5 messages · Christian Arnold, James W. MacDonald, Marcel Ramos +2 more

#
Hi, I wanted to reach out for some thoughts on the following problem I
am facing with a package I recently submitted to Bioc. In essence, I am
struggling with the 15 minutes time limit for R CMD check as well as the
package size limit of 5 MB. The latter is more important, so let's focus
on that:

It is a quite large package with many functions, a full workflow for
building gene-regulatory networks, and we want to include a detailed
workflow vignette where the most important output plots are shown and
explained, to make it user-friendly and easy to apply.
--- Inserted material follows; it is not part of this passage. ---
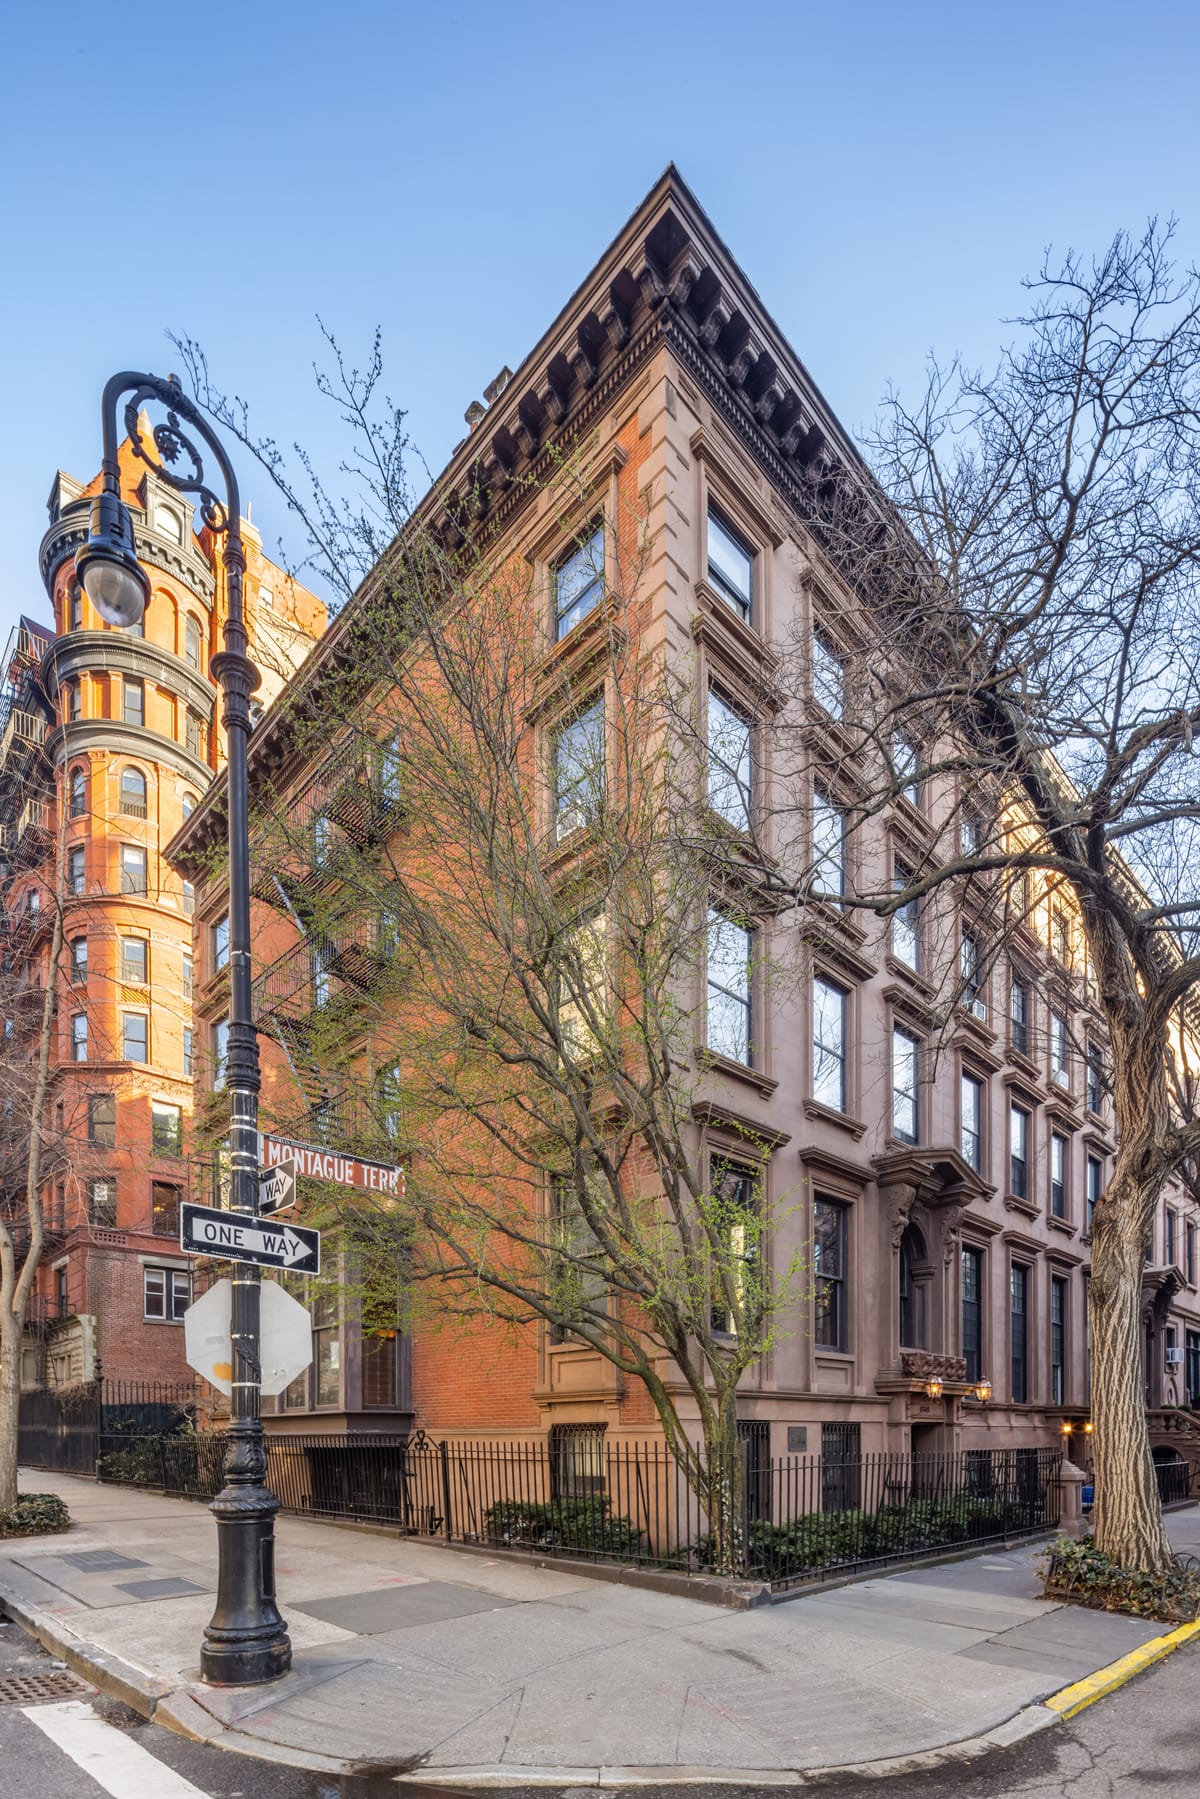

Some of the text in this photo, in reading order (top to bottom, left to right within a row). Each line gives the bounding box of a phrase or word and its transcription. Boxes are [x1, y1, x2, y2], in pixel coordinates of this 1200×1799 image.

For various plot* functions produce PDFs that have many pages (sometimes
dozens or even hundreds), only some of which should be shown in the
vignette (say page 2 and 5 from PDF A, and page 1 and 2 from PDF B,
etc). Including selected pages from a PDF doesnt seem to be possible
with BiocStyle (please correct me if I am wrong), so currently, I am
automatically converting each page of each of the various PDFs as a png
image, to include selected pages then in the Vignette via
knitr::include_graphics. This works well, but leads to the repo being
too big (currently 11 MB) when being build - because the original images
as well as the resulting htmls in the inst folder contain the images,
making it bigger than 5 MB. I could reduce the resolution of the images
much further, but this feels wrong also. In total, we talk about 40 or
so images that I wanted to share across the different vignettes.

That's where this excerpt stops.